| TASK |
Set down each line of the data below exactly as it stands, dropping the pictures.

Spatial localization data

⟨

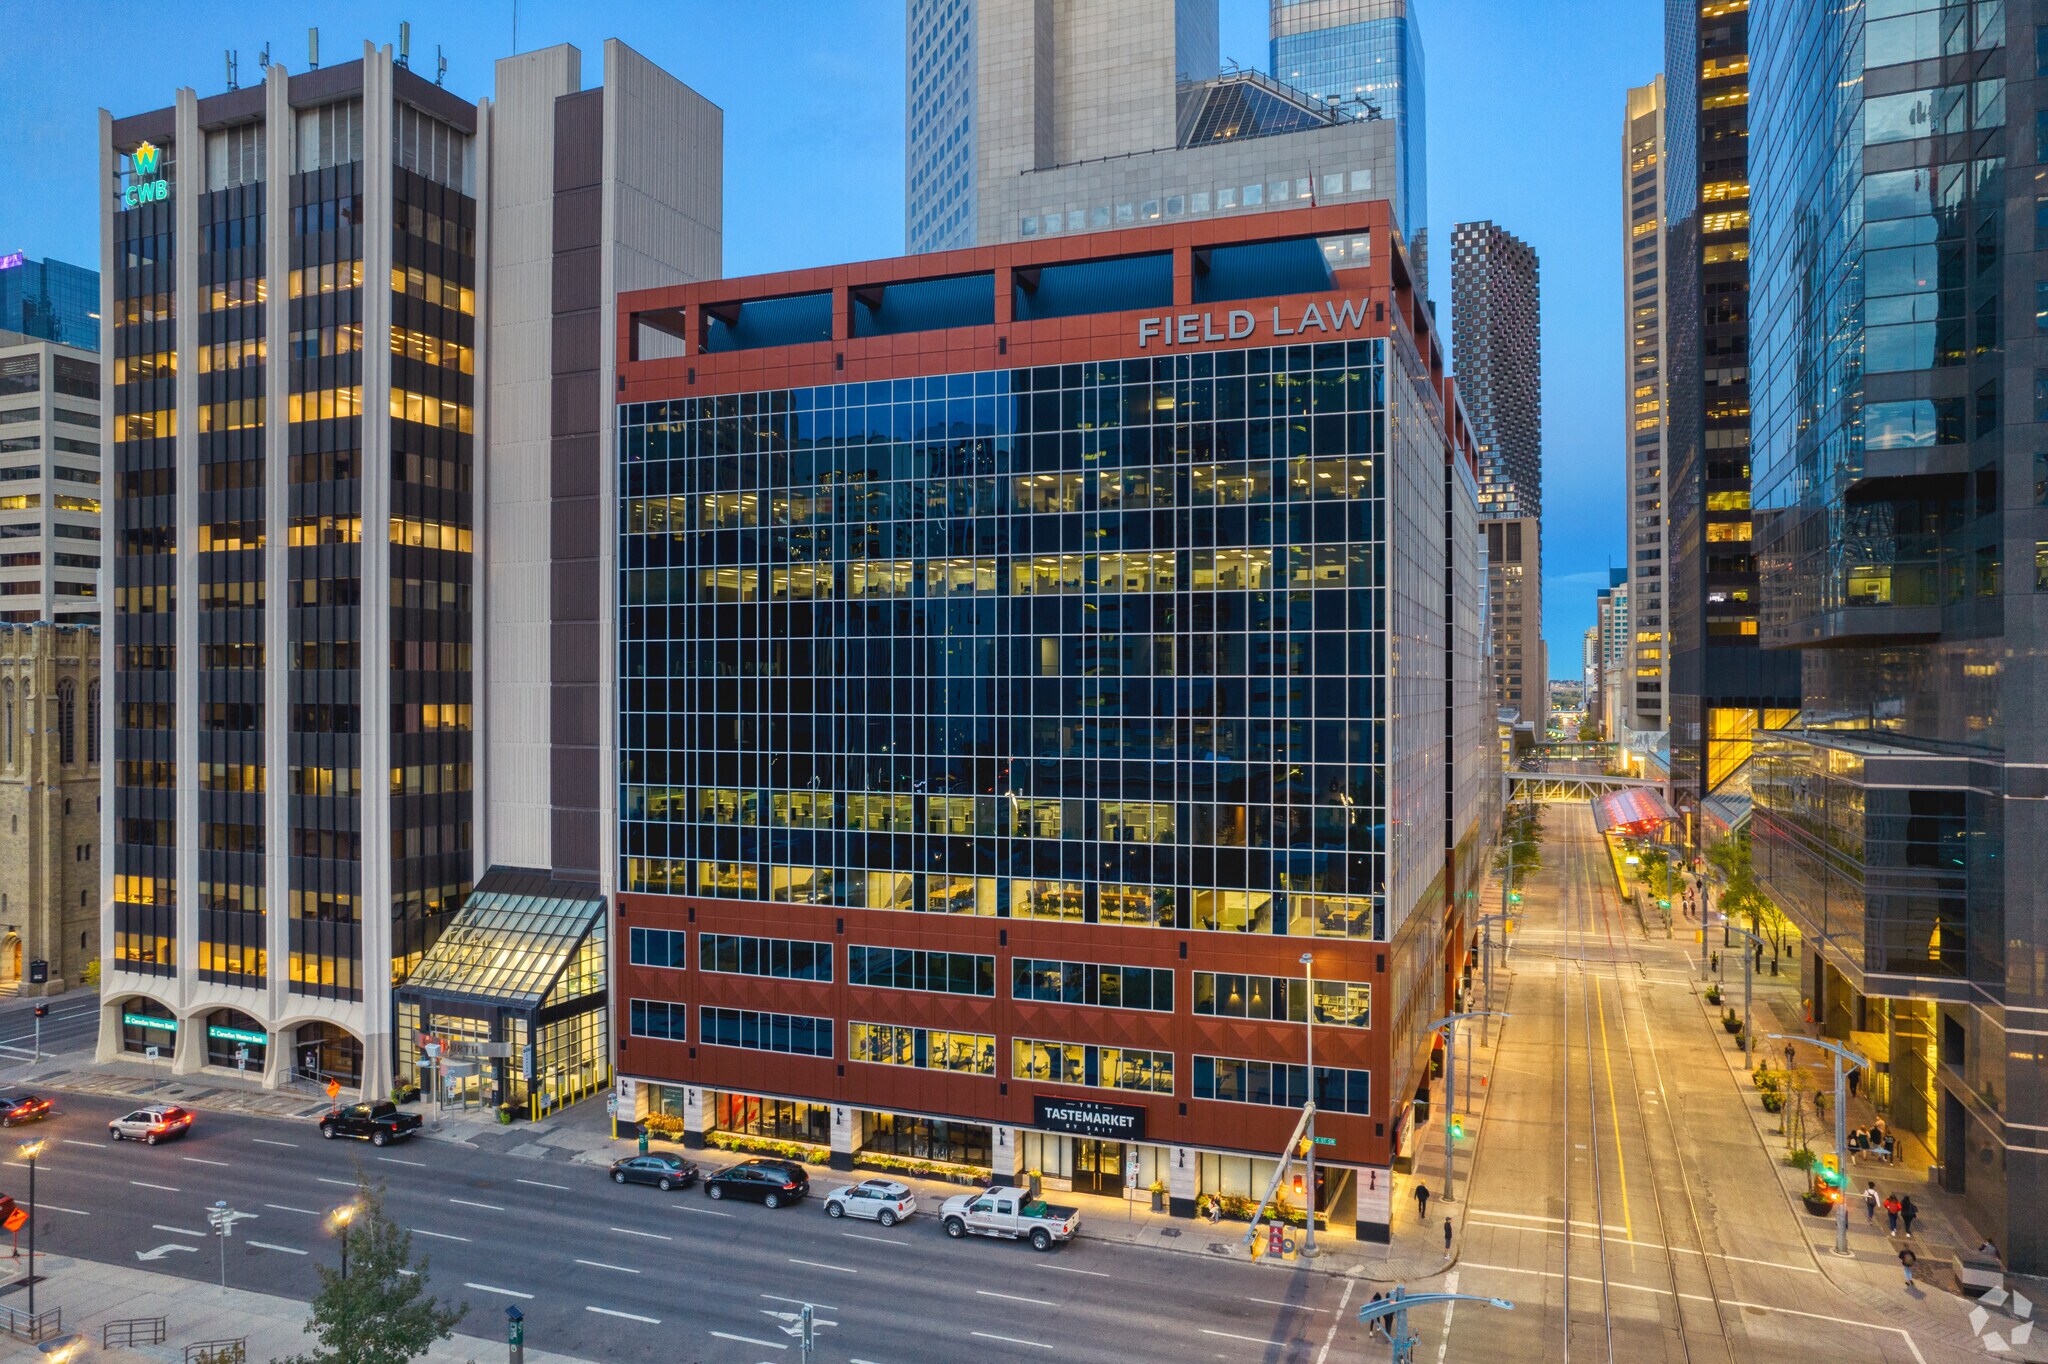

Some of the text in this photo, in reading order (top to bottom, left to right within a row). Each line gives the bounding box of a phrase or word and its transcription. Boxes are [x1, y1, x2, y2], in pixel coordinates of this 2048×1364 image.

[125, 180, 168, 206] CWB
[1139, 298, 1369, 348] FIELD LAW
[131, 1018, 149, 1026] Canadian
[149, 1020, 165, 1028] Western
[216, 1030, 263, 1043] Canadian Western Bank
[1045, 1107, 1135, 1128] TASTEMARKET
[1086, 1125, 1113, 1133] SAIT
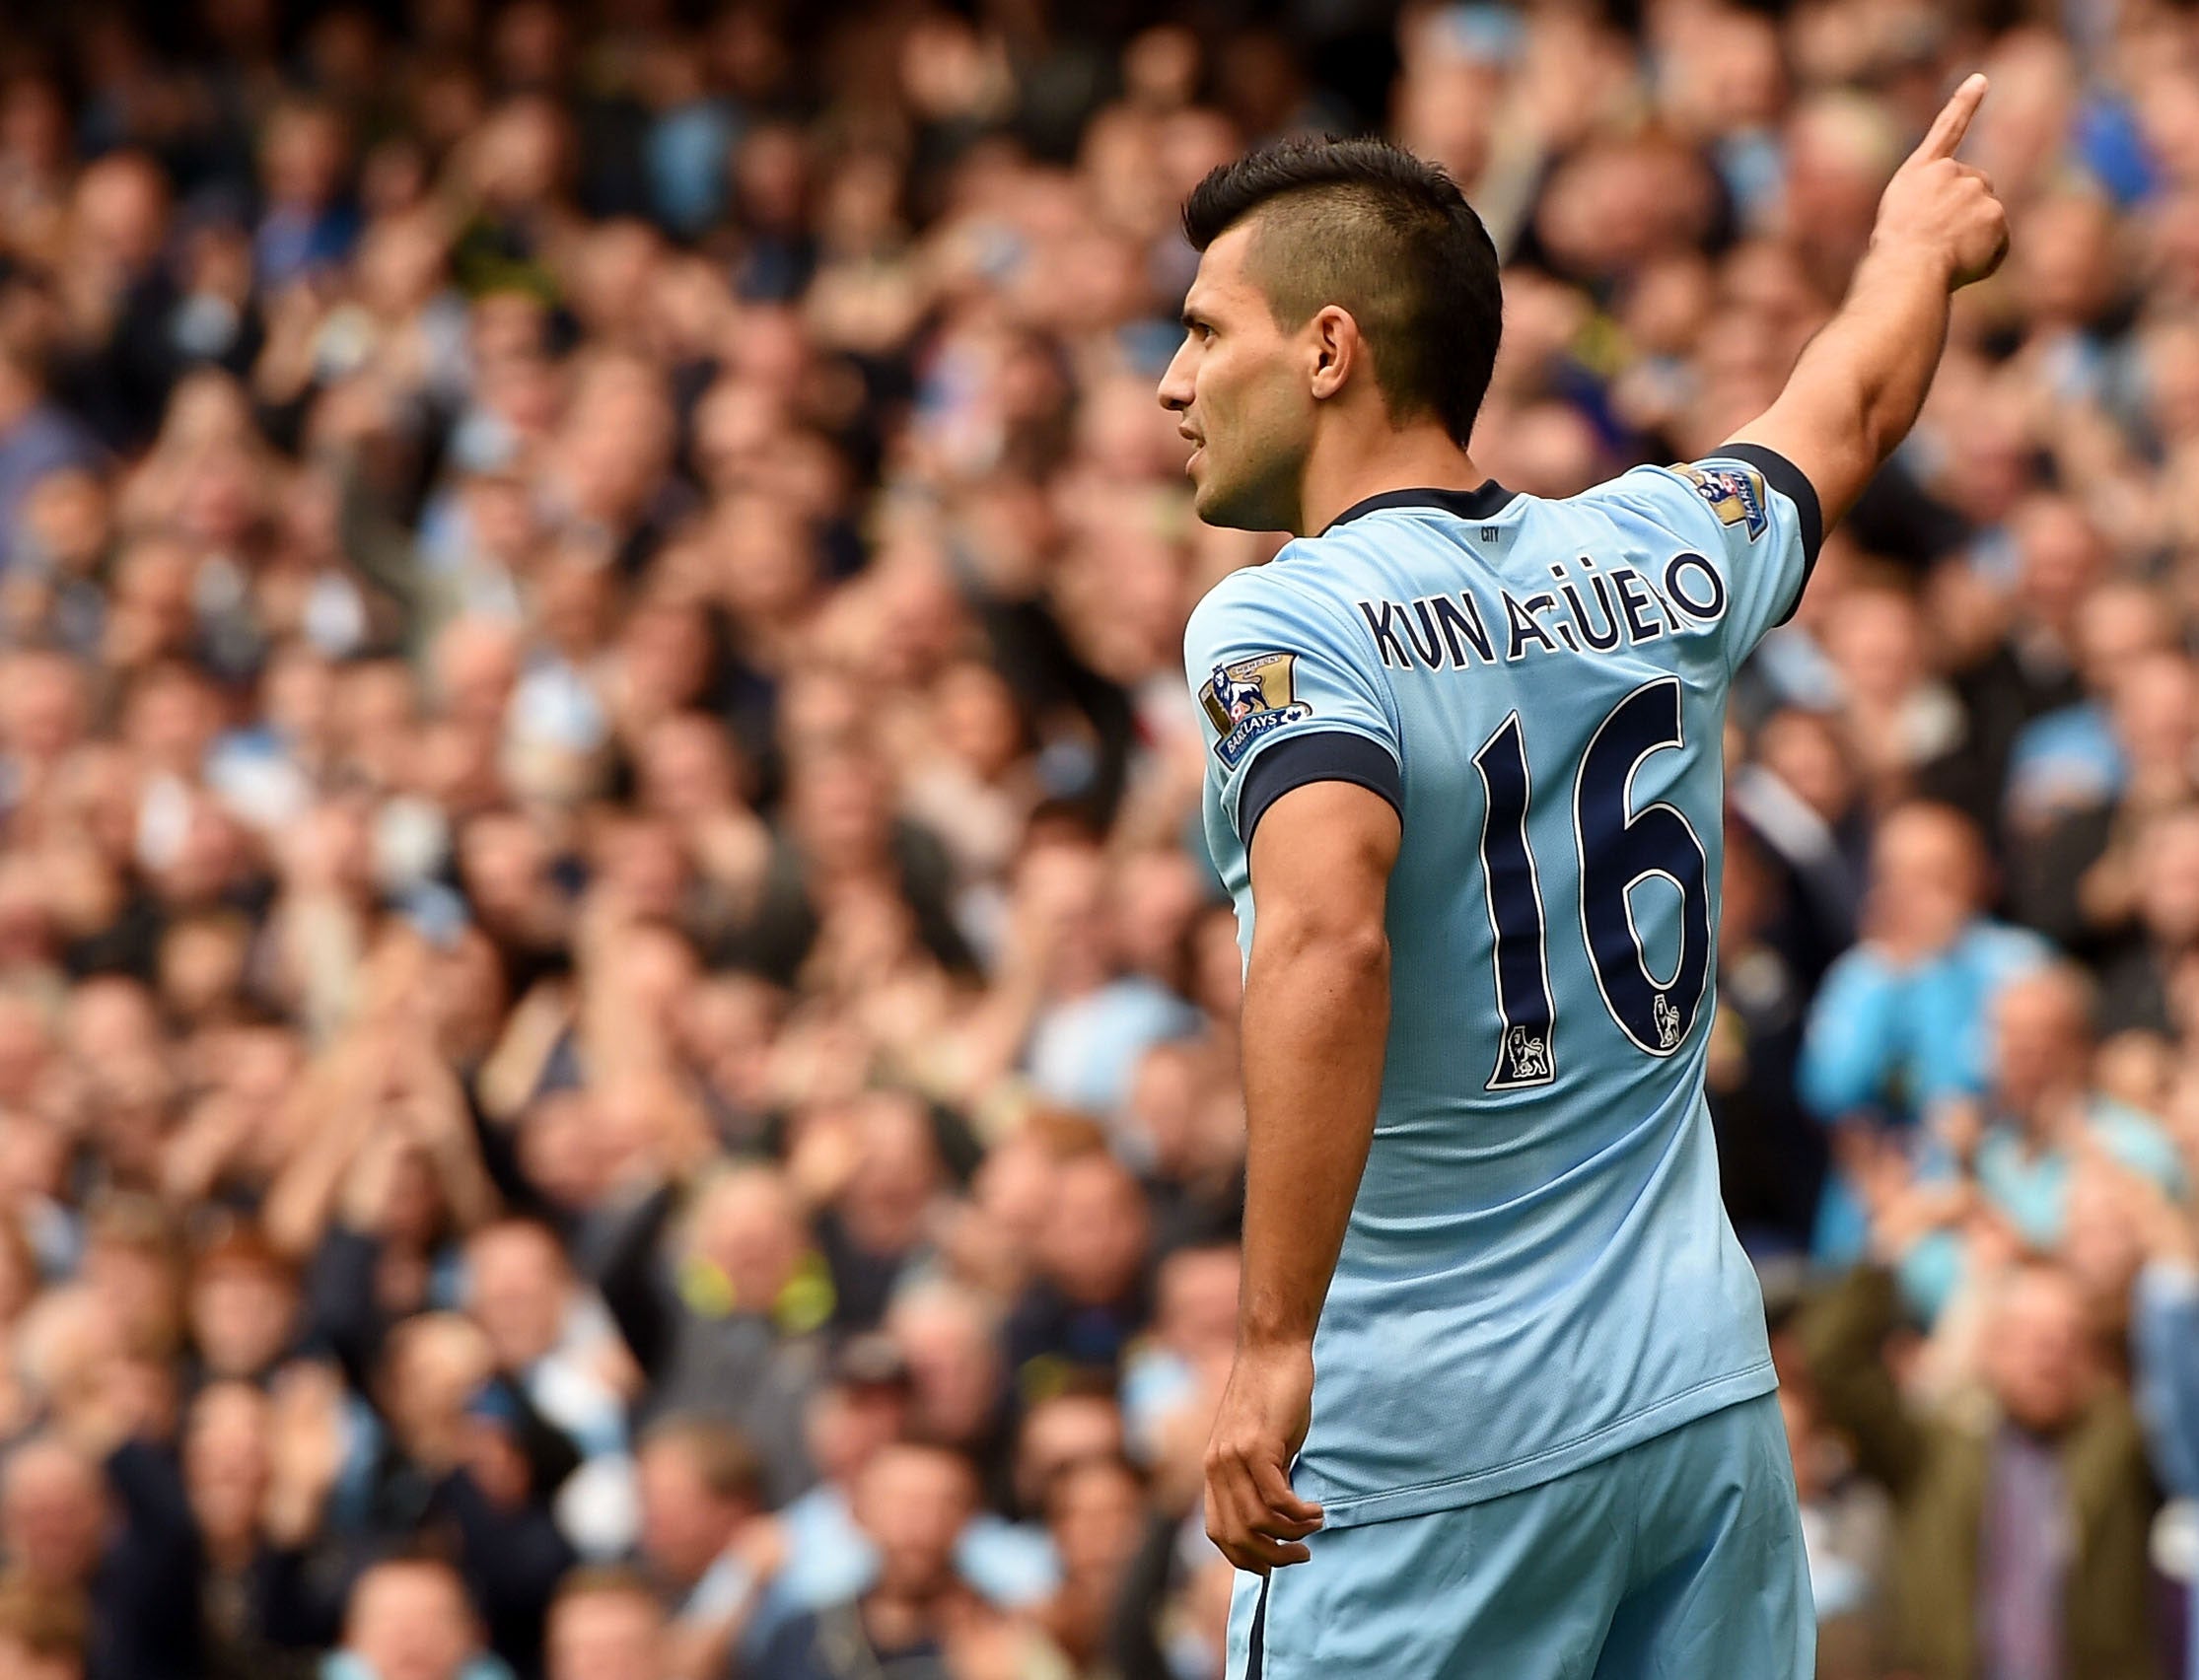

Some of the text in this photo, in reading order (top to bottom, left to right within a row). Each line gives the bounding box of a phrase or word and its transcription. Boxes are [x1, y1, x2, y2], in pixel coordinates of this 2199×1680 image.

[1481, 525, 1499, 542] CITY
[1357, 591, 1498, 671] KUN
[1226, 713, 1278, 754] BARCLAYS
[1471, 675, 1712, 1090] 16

⟩

| EXPECTED ANSWER |
Some of the text in this photo, in reading order (top to bottom, left to right within a row). Each line gives the bounding box of a phrase or word and its transcription. Boxes are [x1, y1, x2, y2], in pixel coordinates of this 2048×1364 image.

[125, 180, 168, 206] CWB
[1139, 298, 1369, 348] FIELD LAW
[131, 1018, 149, 1026] Canadian
[149, 1020, 165, 1028] Western
[216, 1030, 263, 1043] Canadian Western Bank
[1045, 1107, 1135, 1128] TASTEMARKET
[1086, 1125, 1113, 1133] SAIT

Some of the text in this photo, in reading order (top to bottom, left to right within a row). Each line gives the bounding box of a phrase or word and its transcription. Boxes are [x1, y1, x2, y2], in pixel coordinates of this 2199×1680 image.

[1481, 525, 1499, 542] CITY
[1357, 591, 1498, 671] KUN
[1226, 713, 1278, 754] BARCLAYS
[1471, 675, 1712, 1090] 16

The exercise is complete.